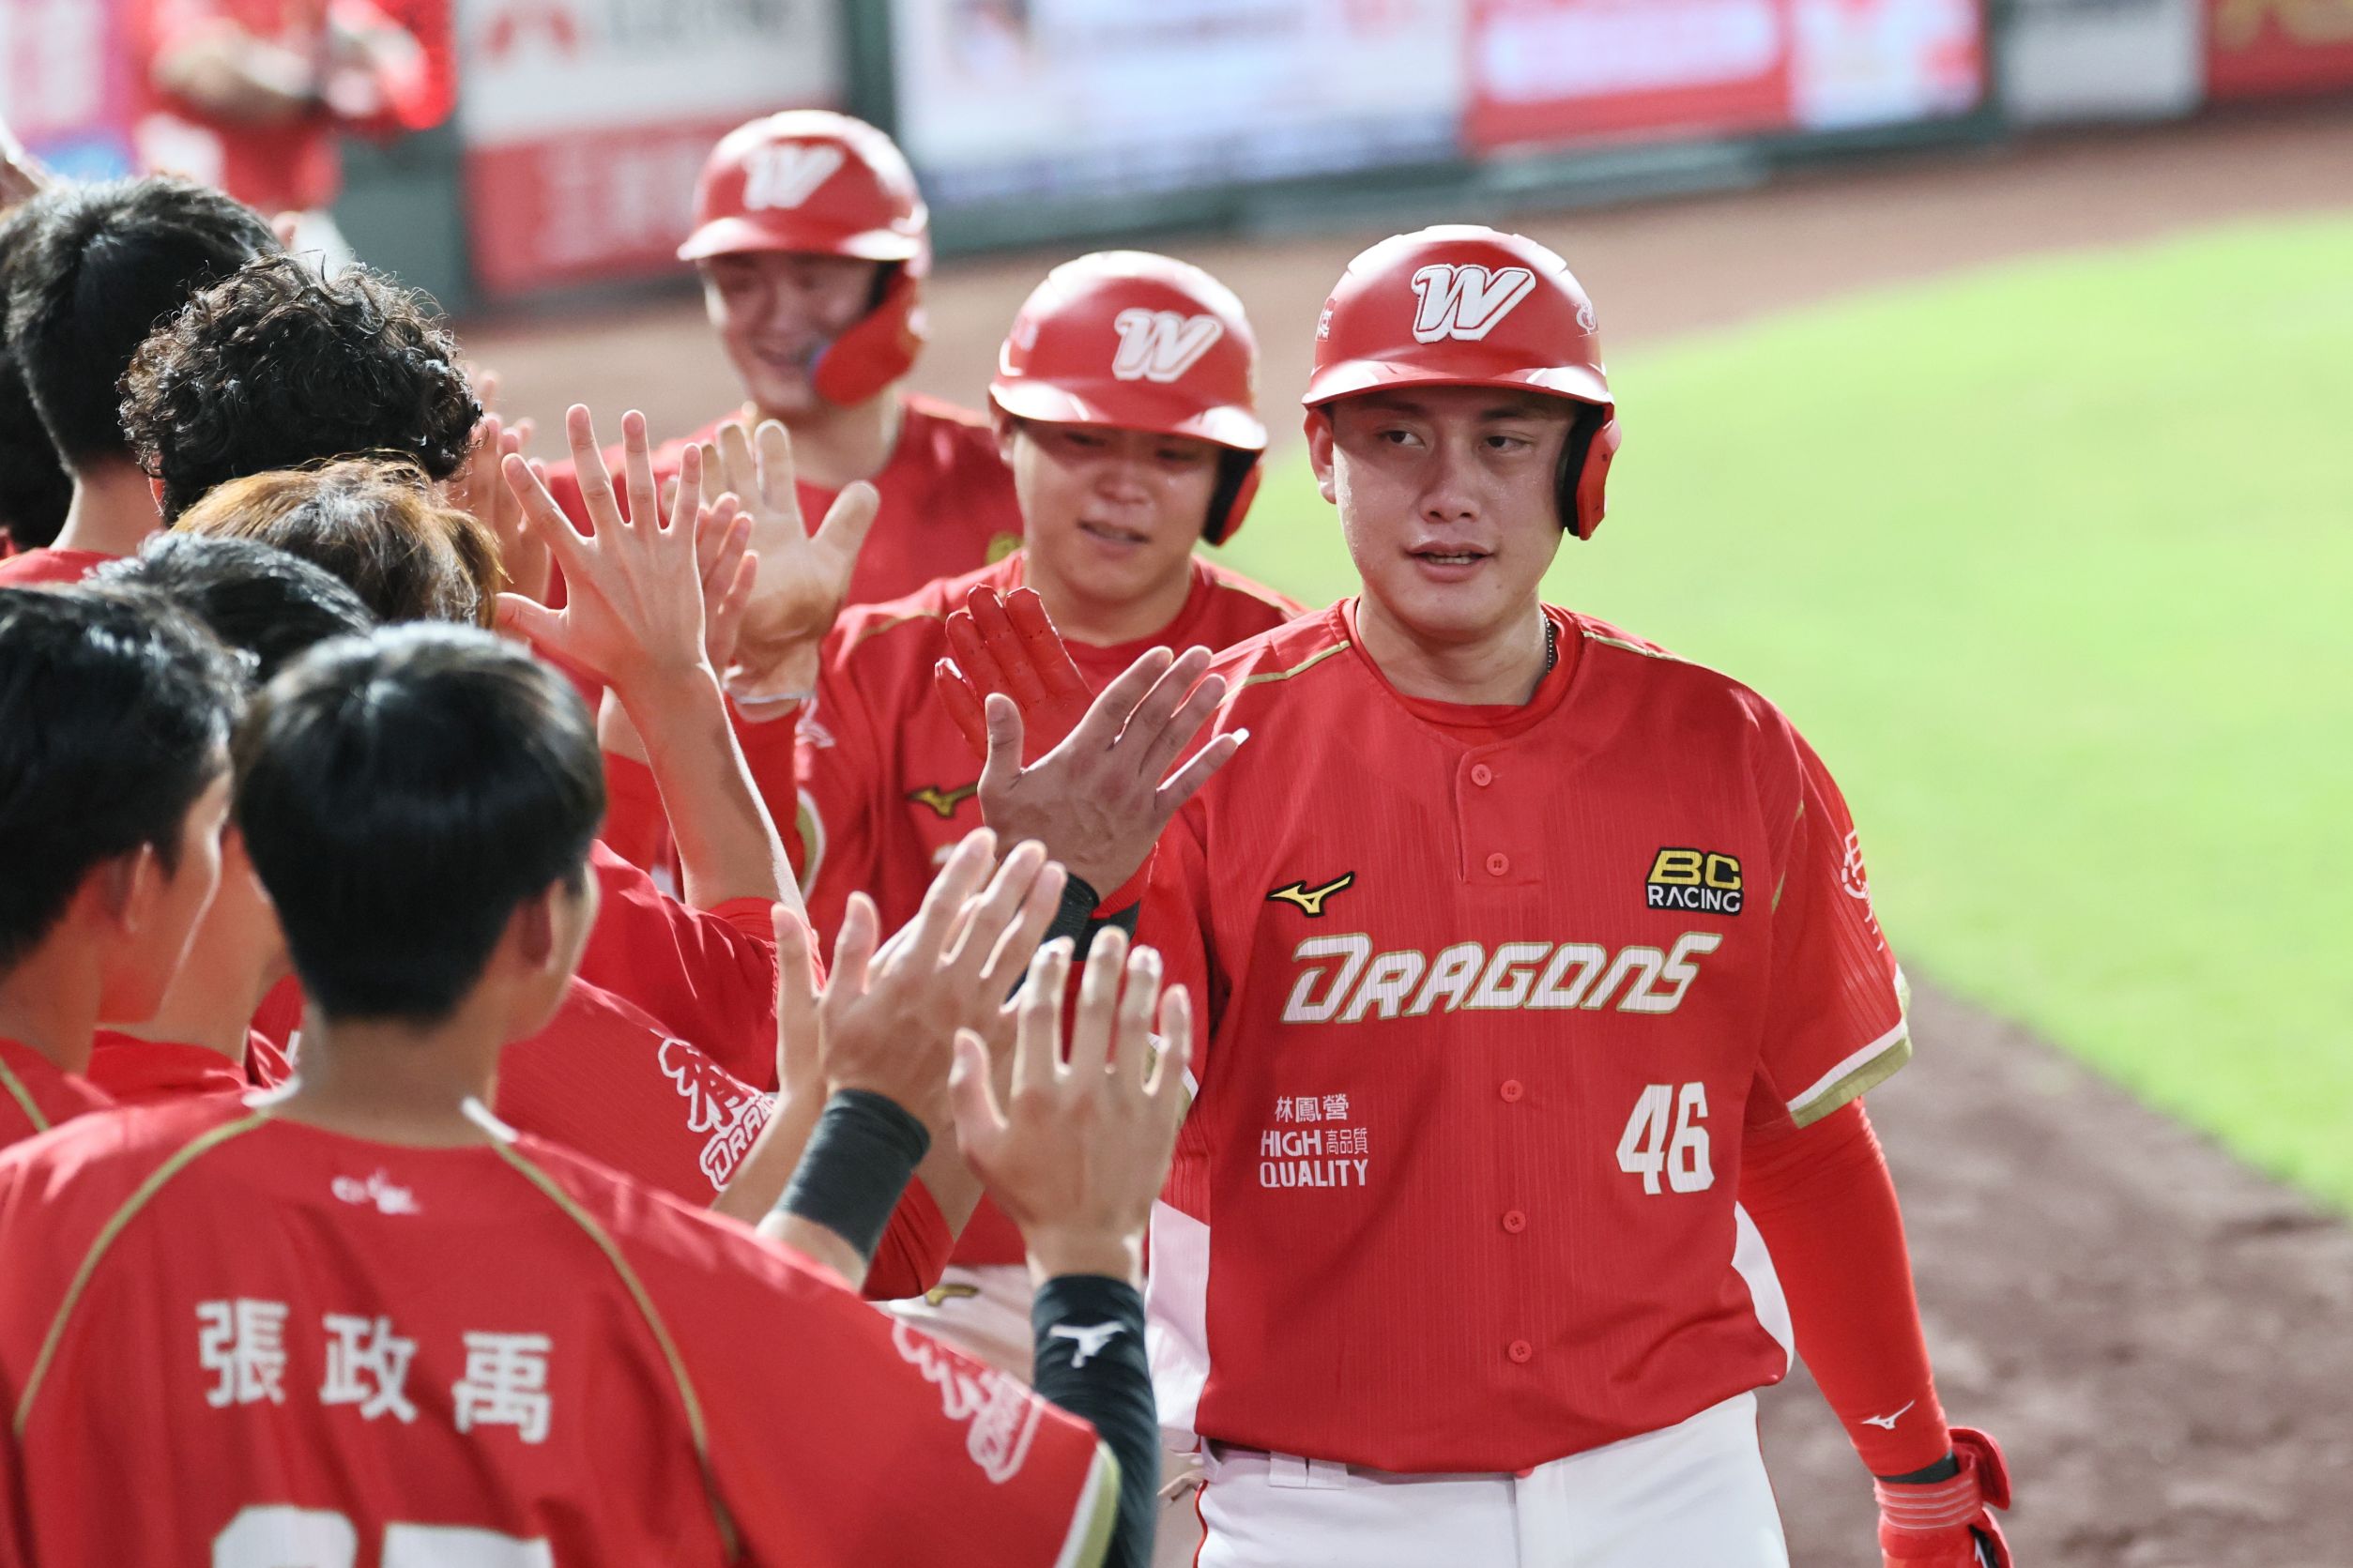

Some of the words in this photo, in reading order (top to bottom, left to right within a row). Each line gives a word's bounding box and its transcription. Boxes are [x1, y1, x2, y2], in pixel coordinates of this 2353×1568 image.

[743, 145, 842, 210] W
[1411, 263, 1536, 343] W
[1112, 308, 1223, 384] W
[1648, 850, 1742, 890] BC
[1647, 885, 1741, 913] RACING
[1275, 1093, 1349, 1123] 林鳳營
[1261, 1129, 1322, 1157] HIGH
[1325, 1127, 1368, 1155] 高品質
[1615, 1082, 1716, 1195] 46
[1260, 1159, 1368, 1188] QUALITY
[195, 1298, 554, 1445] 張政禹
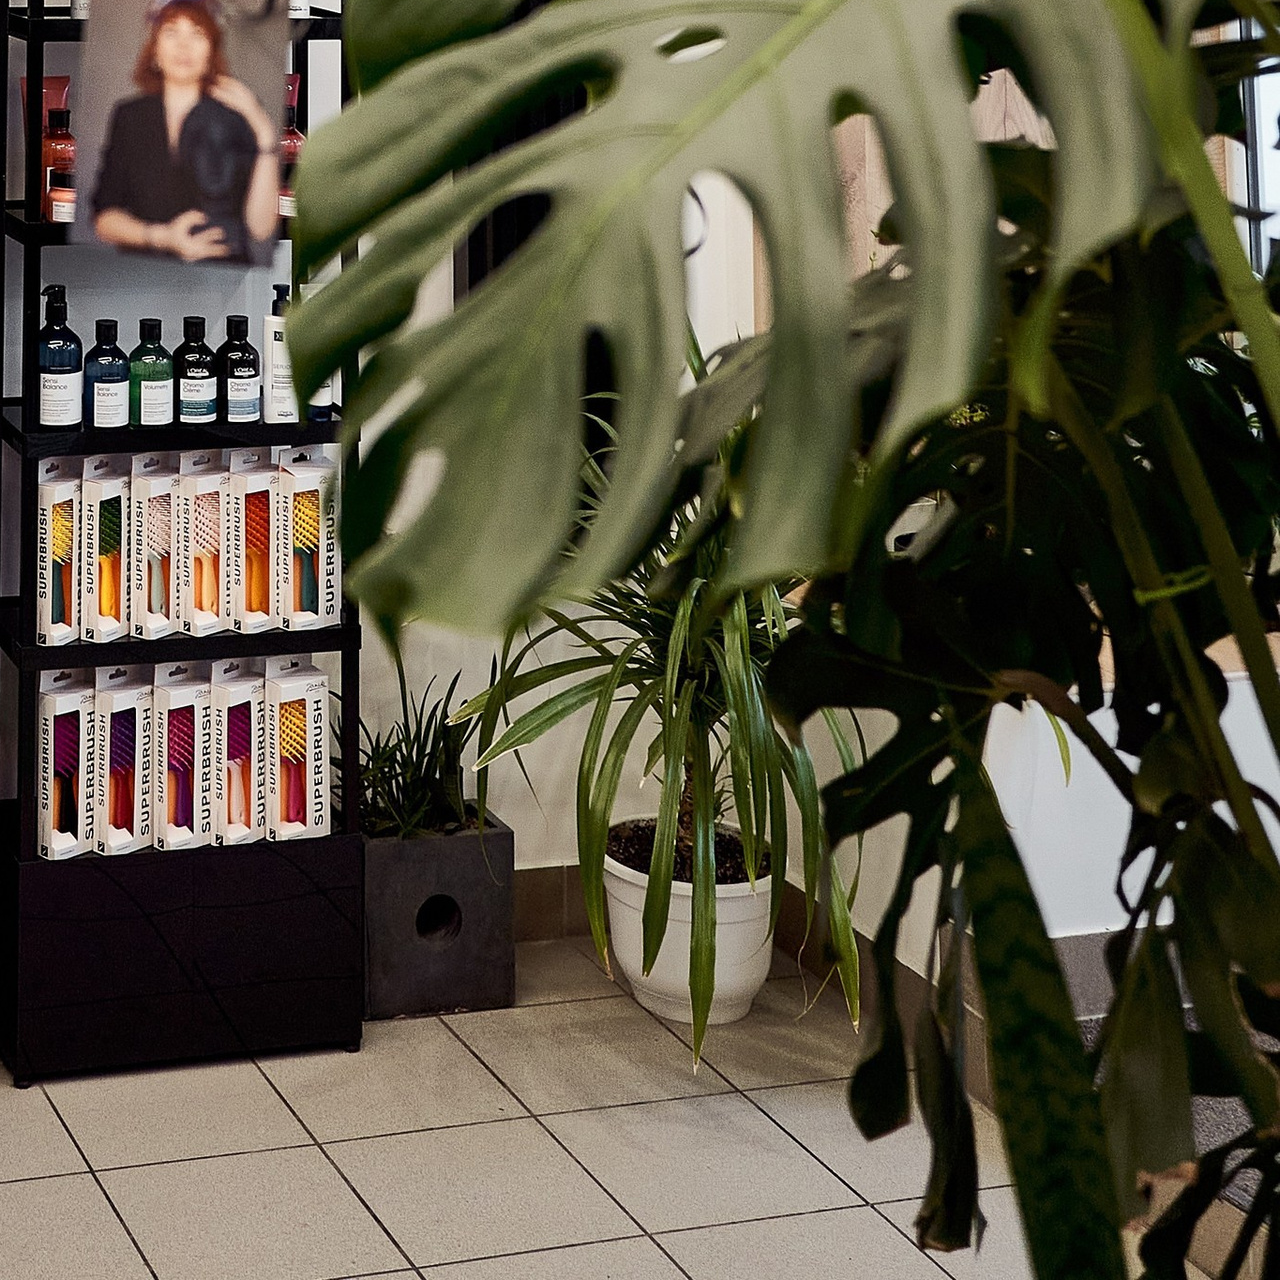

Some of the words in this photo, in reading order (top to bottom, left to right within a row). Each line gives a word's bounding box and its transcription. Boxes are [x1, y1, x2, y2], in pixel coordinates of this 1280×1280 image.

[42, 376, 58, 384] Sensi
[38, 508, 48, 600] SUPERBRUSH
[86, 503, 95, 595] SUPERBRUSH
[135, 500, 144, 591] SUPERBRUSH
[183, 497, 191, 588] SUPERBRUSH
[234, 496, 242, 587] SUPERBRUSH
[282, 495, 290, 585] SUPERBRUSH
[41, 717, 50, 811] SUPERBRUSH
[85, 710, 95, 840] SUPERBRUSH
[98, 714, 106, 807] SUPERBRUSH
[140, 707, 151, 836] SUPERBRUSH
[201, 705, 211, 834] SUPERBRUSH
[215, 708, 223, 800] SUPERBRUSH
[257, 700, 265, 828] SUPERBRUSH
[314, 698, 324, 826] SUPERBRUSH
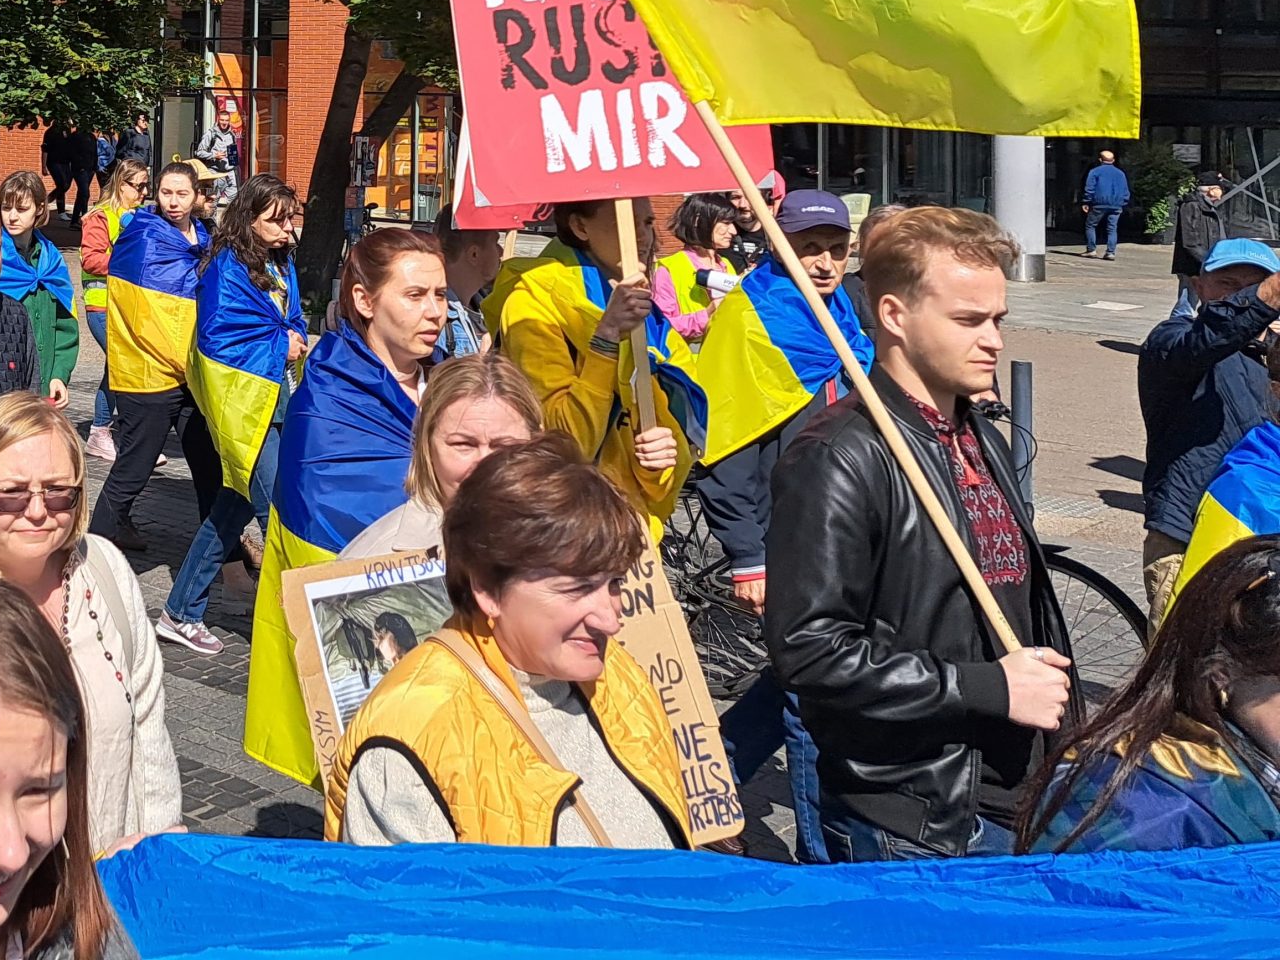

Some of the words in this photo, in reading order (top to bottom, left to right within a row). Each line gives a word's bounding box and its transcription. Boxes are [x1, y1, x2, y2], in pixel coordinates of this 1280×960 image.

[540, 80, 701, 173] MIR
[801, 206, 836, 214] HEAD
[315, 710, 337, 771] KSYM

WHAT YOU NEED TO DO: All of the entries above should be copied exactly, except for the pictures.

RESULT:
Some of the words in this photo, in reading order (top to bottom, left to right within a row). Each line gives a word's bounding box and its transcription. Boxes are [x1, y1, x2, y2], in pixel coordinates of this 2353×1568 image.

[743, 145, 842, 210] W
[1411, 263, 1536, 343] W
[1112, 308, 1223, 384] W
[1648, 850, 1742, 890] BC
[1647, 885, 1741, 913] RACING
[1275, 1093, 1349, 1123] 林鳳營
[1261, 1129, 1322, 1157] HIGH
[1325, 1127, 1368, 1155] 高品質
[1615, 1082, 1716, 1195] 46
[1260, 1159, 1368, 1188] QUALITY
[195, 1298, 554, 1445] 張政禹

Some of the words in this photo, in reading order (top to bottom, left to right within a row). Each line gives a word's bounding box and its transcription. Boxes are [x1, y1, x2, y2], in pixel coordinates of this 1280×1280 image.

[42, 376, 58, 384] Sensi
[38, 508, 48, 600] SUPERBRUSH
[86, 503, 95, 595] SUPERBRUSH
[135, 500, 144, 591] SUPERBRUSH
[183, 497, 191, 588] SUPERBRUSH
[234, 496, 242, 587] SUPERBRUSH
[282, 495, 290, 585] SUPERBRUSH
[41, 717, 50, 811] SUPERBRUSH
[85, 710, 95, 840] SUPERBRUSH
[98, 714, 106, 807] SUPERBRUSH
[140, 707, 151, 836] SUPERBRUSH
[201, 705, 211, 834] SUPERBRUSH
[215, 708, 223, 800] SUPERBRUSH
[257, 700, 265, 828] SUPERBRUSH
[314, 698, 324, 826] SUPERBRUSH

Some of the words in this photo, in reading order (top to bottom, left to right within a row). Each line gives a word's bounding box and its transcription. Boxes are [x1, y1, x2, y2], in pixel coordinates of this 1280×960 image.

[540, 80, 701, 173] MIR
[801, 206, 836, 214] HEAD
[315, 710, 337, 771] KSYM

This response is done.